Big D & The Kids' Table/Drexel
Shot By Lammi SPLIT CD (Fork In Hand Records)
By: Alex Steininger
Combining two full-lengths on one record, between Big D & The Kids' Table and Drexel, Fork In Hand Records' first release helps showcase two bands from Boston, Massachusetts. Big D & The Kids' Table plays a ska-punk fusion, while Drexel is a straight ahead punk-pop band.

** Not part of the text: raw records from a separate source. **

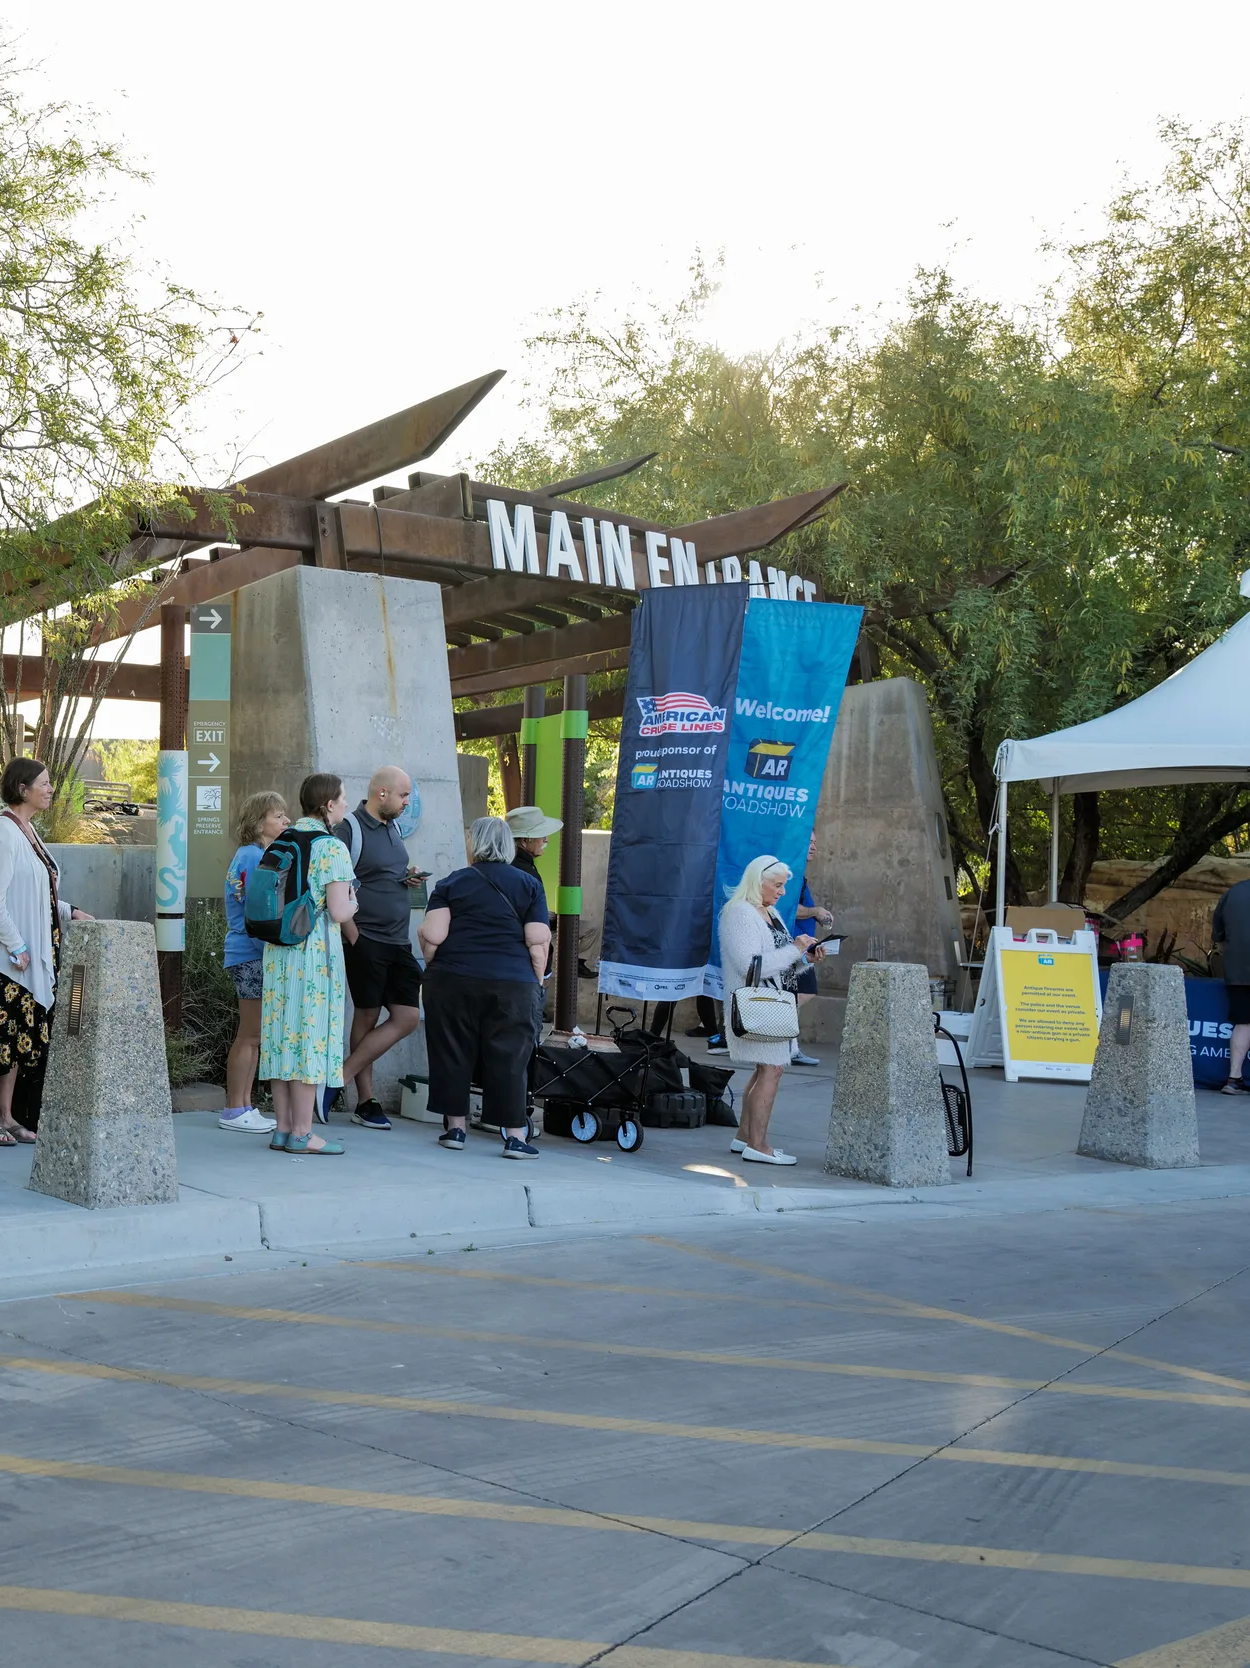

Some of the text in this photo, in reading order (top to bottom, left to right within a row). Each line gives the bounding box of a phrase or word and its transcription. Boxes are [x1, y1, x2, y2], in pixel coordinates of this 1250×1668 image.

[486, 499, 635, 590] MAIN
[642, 710, 725, 726] AMERICAN
[735, 697, 831, 723] Welcome!
[196, 730, 224, 742] EXIT
[641, 722, 723, 735] CRUSE LINES
[704, 745, 717, 755] of
[761, 759, 788, 776] AR
[637, 774, 655, 786] AR
[722, 796, 806, 818] OADSHOW

The first half of the CD is Big D & The Kids' Table, contributing eleven tracks. Their first number, "In Front of Me," jumps off with some ska. Bright horns drive the song, while the hot upbeat jumps through the song with ease, giving you the option to dance or jump. Hard hitting drums help keep the backbone of the song just as intense as the surface. Mix in a tight bass, and you have a solid number. Bridging a punk chorus with ska verses, the dance to crash combination helps the listener feed energy off of the band. "Jeremy" mixes in a bit of hip-hop styled vocals, as well as some jazz beats that somehow find life amongst the ska-punk atmosphere they breed in. Strong horns push the song, while the rhythm section holds everything together nicely. Mix in the guitar, which won't let the listener forget they need to have fun and dance, and everything is almost complete. But the most important ingredient in this song, the one that makes it work, is not the vocals, nor the lyrics, nor the instrumentation, but rather the individual band members and the fun they portray. That's right, the band sounds and acts as if they're having a wonderful time recording this track. Both humorous and fun, this song will definitely make you smile. "Stupid Mind" starts out with some punk, and all-of-a-sudden the guitar quickly switches to some fast paced ska beats, which instantly sends the listener into a frenzy. Jumping back into the punk, and then the ska, and once again back in the punk they keep this exchange going, as to never let the listener know what to expect. Slowing down a bit and softening the tone, the song seems to be fading away, but they soon bust into some funk-punk beats and get crazy. Keeping with the funk-punk for a bit, they eventually end with some ska. Not afraid to let the listener know they're influenced by more than ska and punk, they mix it nicely into their hybrid sound. "Conserve" keeps the song danceable all the way through, for the most part. There are a few parts sprinkled in which lean towards the punk side of the band, but it's brief. "Everyone's got someone, but nobody's got me," bursts out through the song, and even with the punk-tinted ska going and the vocals shouting those words, you still can relate and feel what they have to say. Ending their portion of the disc with "Tommy," they close out with a fast paced number that starts out ska-punk and slowly converts into an all punk number.
Next up is the punk sounds of Drexel. Letting the punk side dominate more than the pop side, they still have a fair amount of pop to keep their punk catchy and melodic. Starting off with "Praise On Them," they dive right into some thick guitars, fast drum beats, and jumpy bass. Giving the listener enough speed to bounce around with, they slow the song down during certain parts, but soon turn the speed back up and give the listener another work out. "Shoe" is the same way. Right from the beginning they start off fast, then they slow down a bit, and eventually jump right back into some speed to throw at the listener. Driving the song, the guitar has no problems leading the way, while the bass and drums have no problem keeping up. Showing some diversity, "Allright" starts out with a little Southern Rock twist, before quickly jumping right into the punk playing field that raised it. They soon slide into some heavily distorted upbeat on the guitar, giving the song a little bit of a dance feeling. But with the rough surroundings, the dance has no where to go. Lasting only a little bit, the song zips right by you in a New York minute, so you better pay attention. Ending with "Promise," they close out their portion of the disc with some loose-punk rock. Not as solid as some of their other numbers, this piece seems to have been thrown together in a short amount of time and then recorded. Although, the loose-fit style does work for them a bit. They pull it off, and muster up a decent punk number. Also giving us some hidden track material, the band has a metal jam at the very end of the disc.
Two bands, two full-lengths (ten or more songs...) on one CD. It's a good deal. Together both bands are able to provide enough music and fun to last over sixty minutes, which is always worth it on one CD. Simply put...this CD is a good deal for what you get. I'll give it an A.